Et que dire de l’attitude de l’oncle concerné envers son propre frère, le père du neveu dont parle l’artiste tradi-moderne dans le titre ‘’Tonton’’ ? Si ce n’est pas un manque de respect qu’il manifeste à son égard, c’est un mépris que ce frère cultivateur vivant au village et sa femme subissent de la part du ‘’Tonton’’ fonctionnaire. Ce qu’Adeba Konan décrie à travers le message du neveu. « Ce qui me désole davantage, c’est qu’à son retour du village, mon père lui offre du gibier (agouti), sans oublier que ma mère lui donne des vivriers comme la banane, le manioc… Ils pensent qu’en faisant tout cela, ils pourraient bénéficier du soutien de mon oncle, le jour où ils auraient un problème et qu’ils solliciteraient son soutien. Mais, le jour où ils ont besoin de l’aide de mon oncle et qu’ils l’appellent, voici comment il répond : "Je te rappelle". Cependant, il ne les appelle plus », explique-t-il.
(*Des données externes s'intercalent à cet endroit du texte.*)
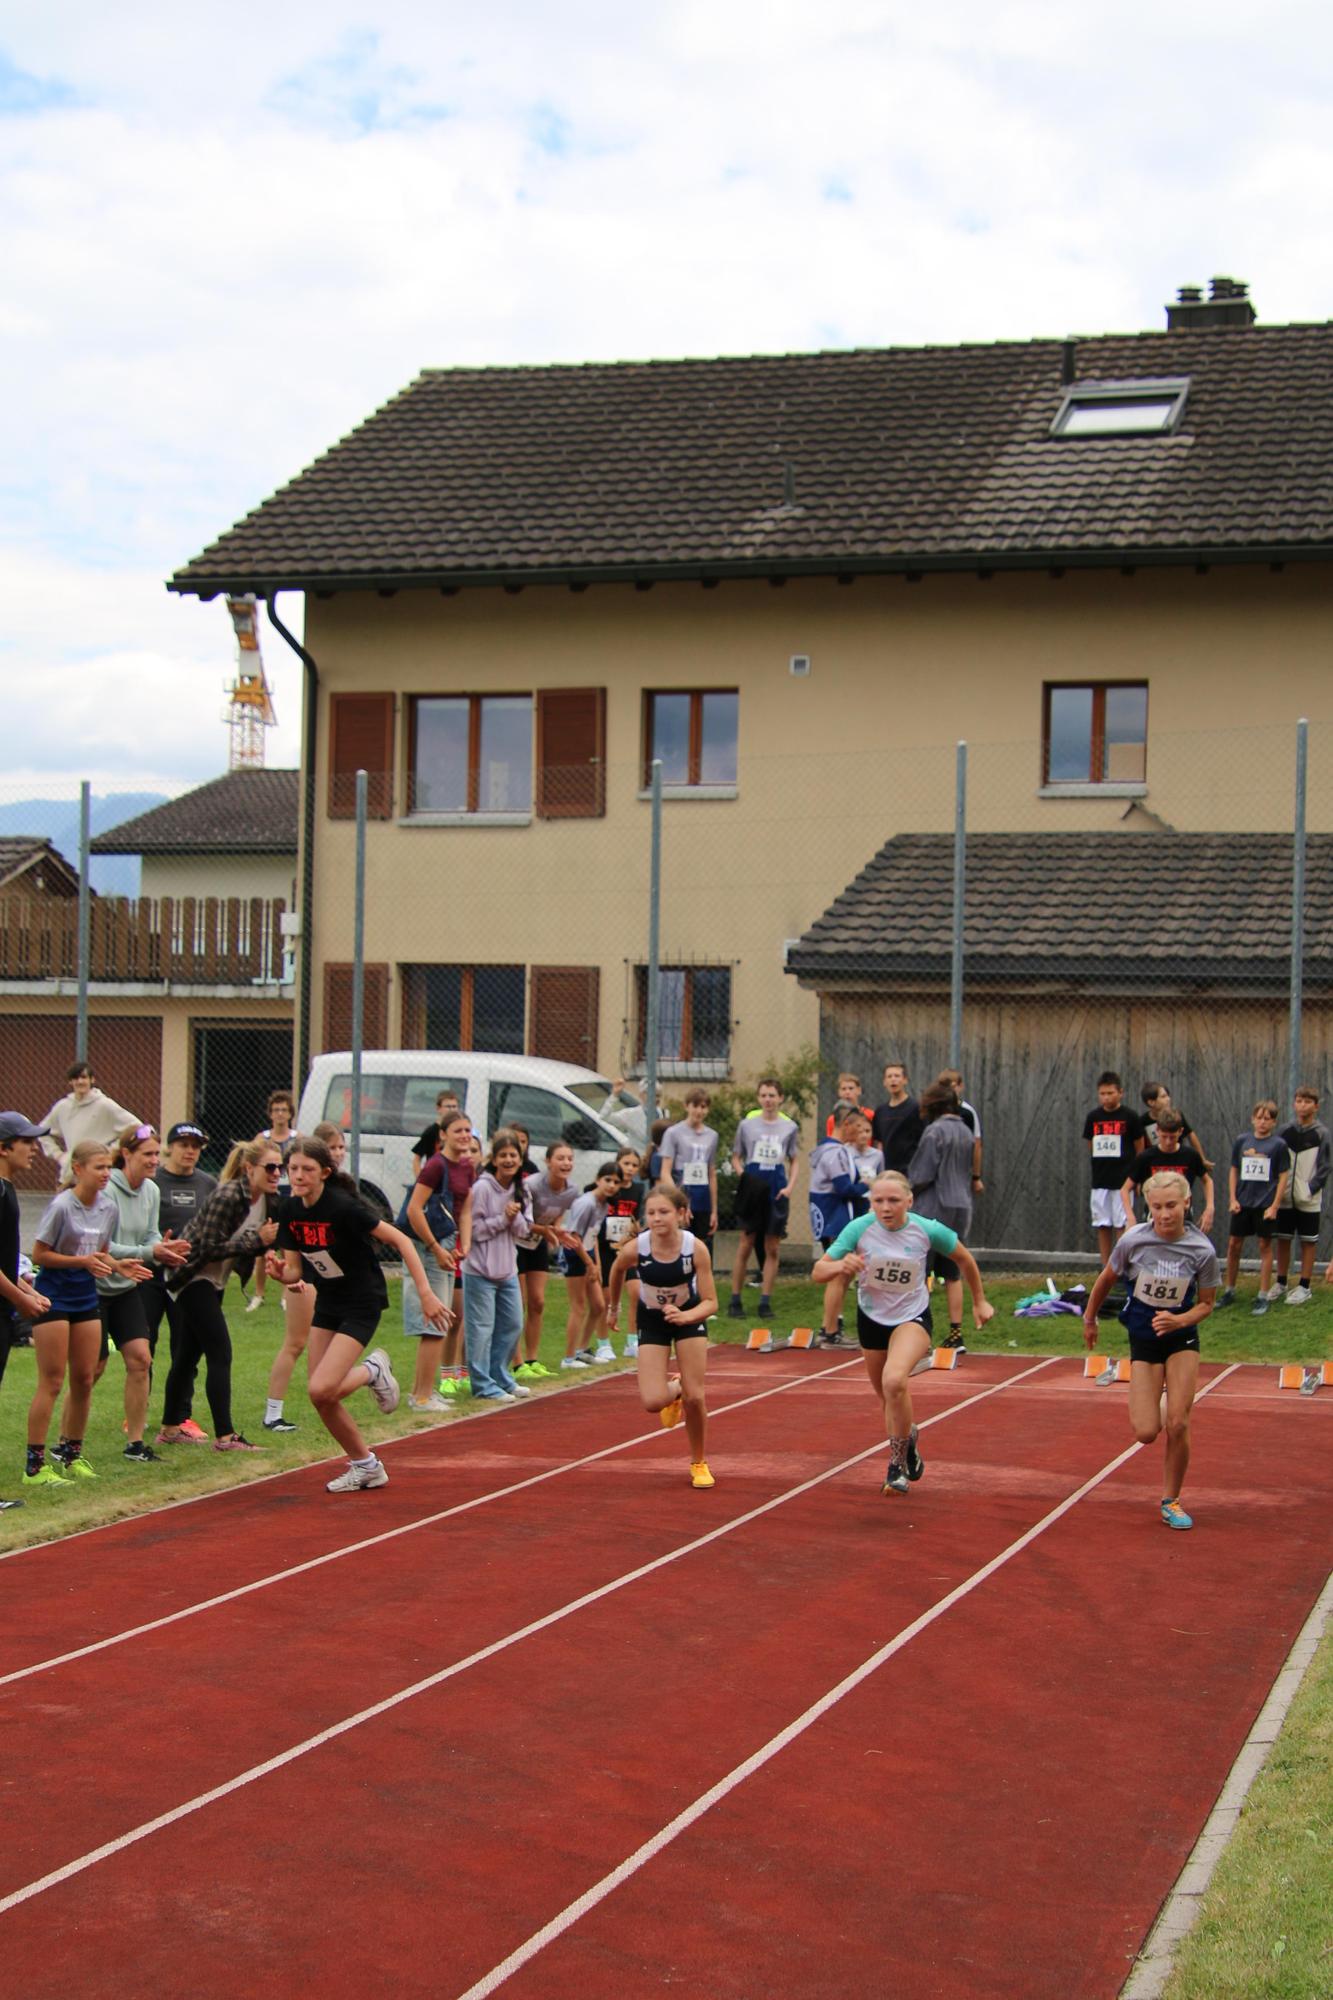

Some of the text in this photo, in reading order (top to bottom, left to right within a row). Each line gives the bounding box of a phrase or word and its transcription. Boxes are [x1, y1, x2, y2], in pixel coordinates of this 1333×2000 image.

Dénoncer pour mieux interpeller 

Il convient de préciser que l’artiste tradi-moderne, comme un éveilleur de consciences, n’inscrit pas son message dans une accusation généralisée à l’ensemble des élites des localités citées plus haut. Il interpelle plutôt toutes celles qui, ayant des opportunités d’insertion professionnelle ou bénéficiant de positions sociales d’aider les jeunes diplômés ou des entrepreneurs, décident de rester indifférentes au développement qu’elles sont censées soutenir ou accompagner pour améliorer les conditions des populations.  

Dans ce contexte, la chanson concerne toutes les autres localités du centre du pays, et même ailleurs, où des « tontons », ces personnalités proches des jeunes, leur tournent le dos, laissant ainsi les zones dont elles sont issues dans le sous-développement. 

Vivement que le message soit bien saisi, pour que cette attitude qui n’honore personne, prenne fin. 

Il y va de l’avenir des jeunes et du développement des localités d’origine des cadres dont Adeba Konan caricature la méchanceté dans sa chanson.